Brian took a few steps into the grass, knelt beside them on his haunches, then reached over and brought a thumb down on the knot.

"Look at this," she pointed with her left hand at the edges of the Band-Aids. "You think they're down good enough?"

Brian turned to his son and grabbed Ben's ankle with his hand. He slid himself closer to get a better grip, then pushed down at the ends of tape over his knee. That's exactly what she'd wanted. That's exactly what she'd wanted from the very start.

"It doesn't hurt," Ben said to his father. "Not like first. You got roller blades?" he said. "They're wild."

Brian shook his head, his hand curled around the boy's knee.

"She your girlfriend?" the kid in the Wolves jersey said, leaning over. "She told us you were going to marry her."

"I did not," Rachel said. "Don't believe a word these guys say."

"She said you were going to marry her," Ben repeated, and all of them laughed.

"You guys lie," she scolded.

"Hey, Grinch--what're you doing out?" The kid in the Wolves jersey pointed at Brian's cat. "He ain't supposed to be out here," the boy said.

But Grinch was out. There he stood on the edge of the driveway, his pink nose sniffing at Ben's skates, his tail flitting up in the air as if he were having the kind of good time every house cat has a right to once in a while.

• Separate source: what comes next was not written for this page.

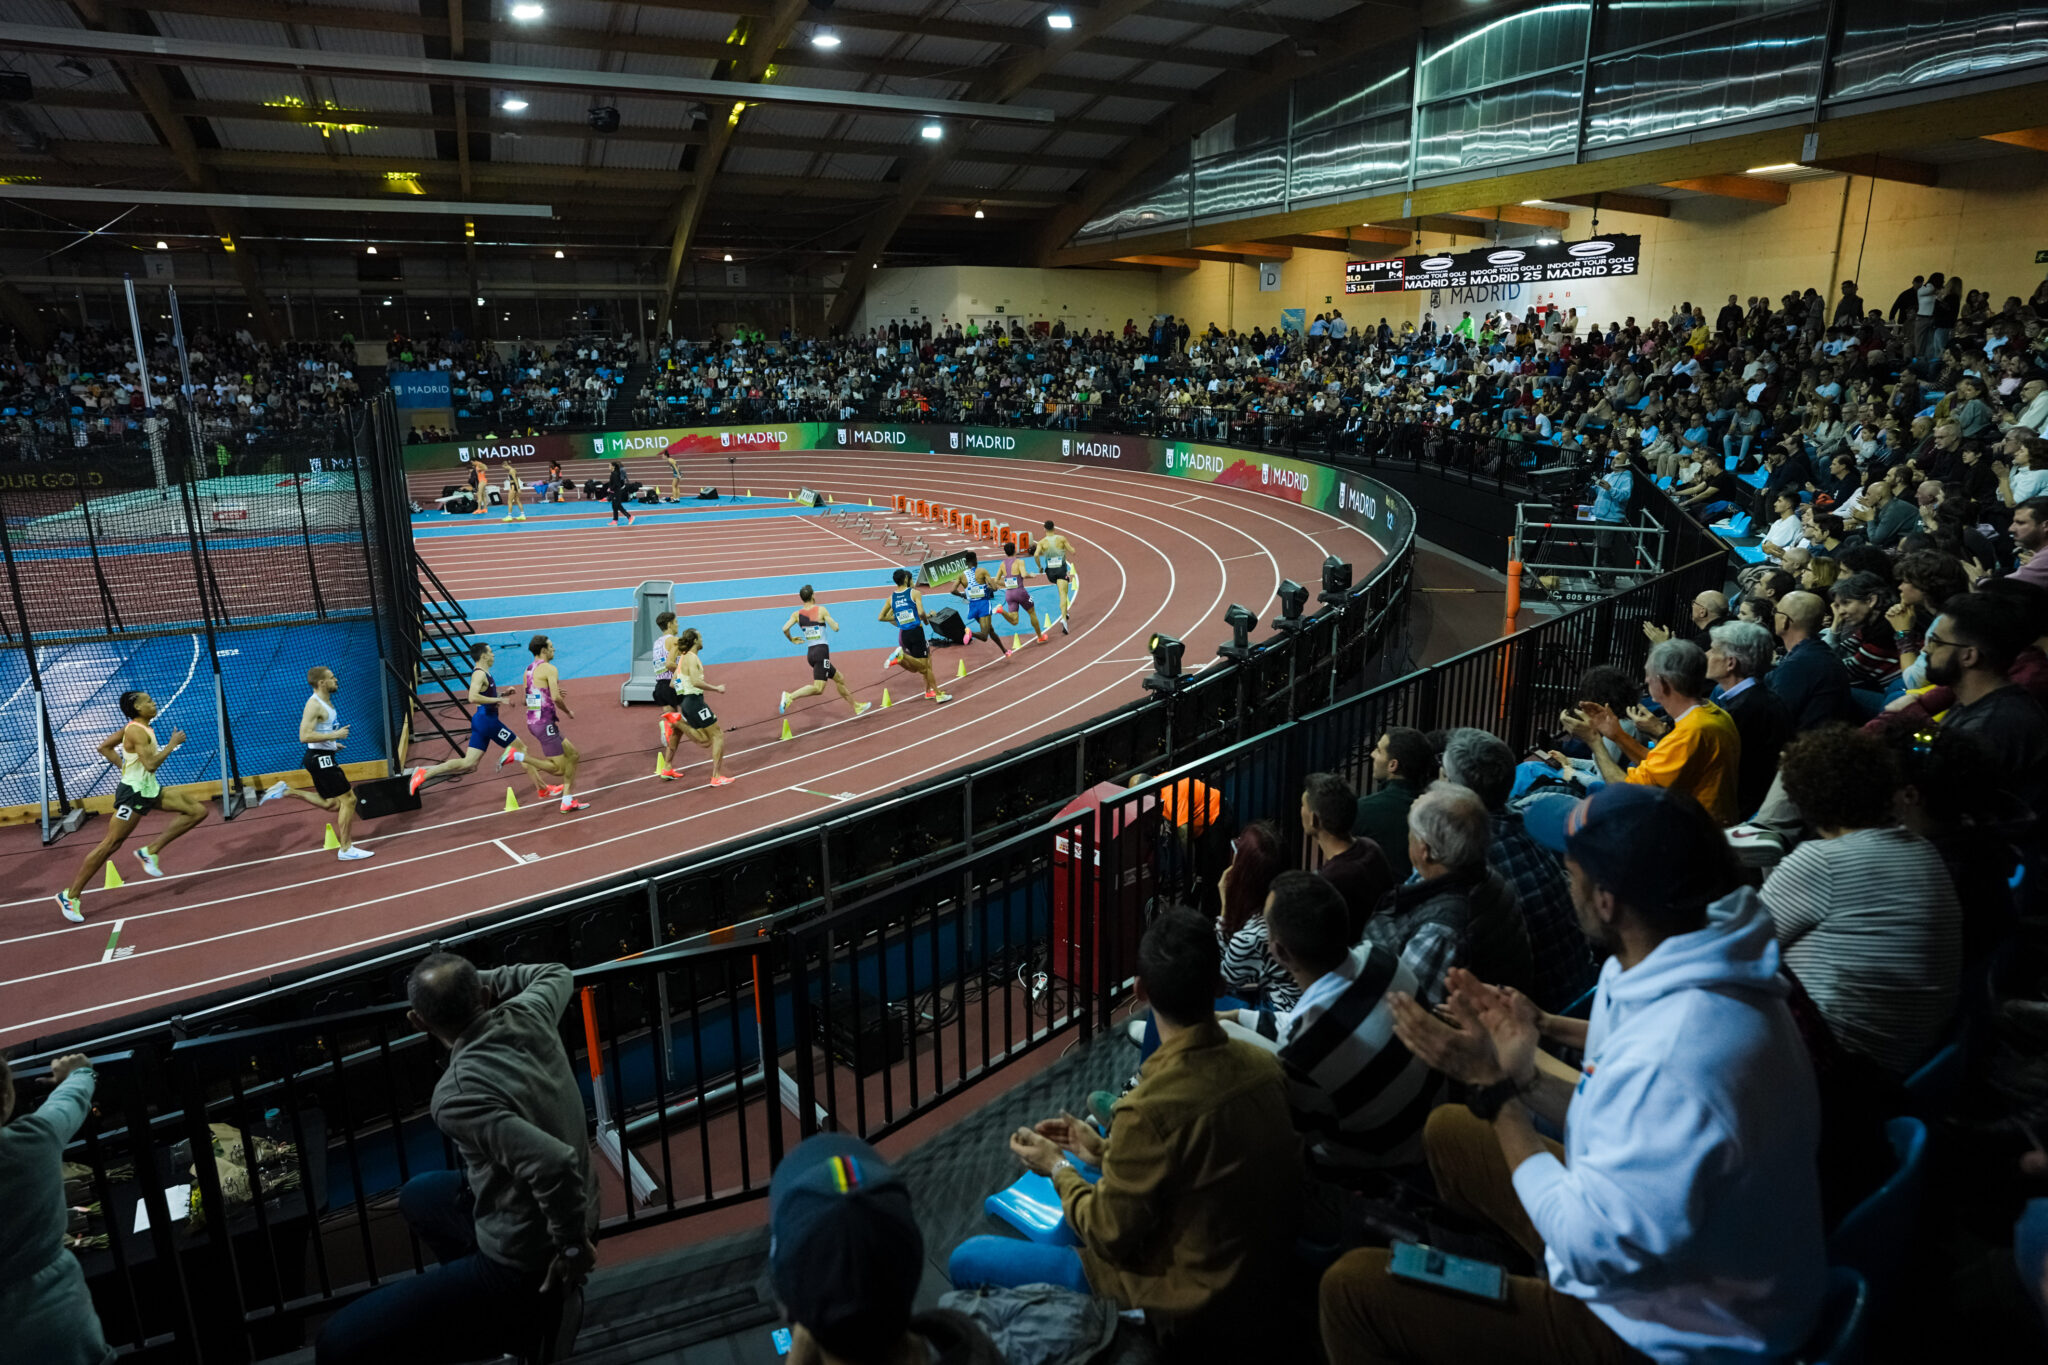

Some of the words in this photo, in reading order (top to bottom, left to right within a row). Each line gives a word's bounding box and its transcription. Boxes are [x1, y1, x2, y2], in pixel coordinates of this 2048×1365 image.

She let go of Ben and picked up Grinch and carried him up the stairs to the front door. "I'll get Grinch," she told them, "but for you guys, no more roller-blading until you're 21 years old."

"Naaah," the redhead said, and all four of them took off down the driveway.

Brian slapped the grass off his hands as he got to his feet and watched the boys go.

"I'm sorry," she told him. "He was crying--you could tell that, couldn't you? He was. There was nobody home. I didn't have any choice."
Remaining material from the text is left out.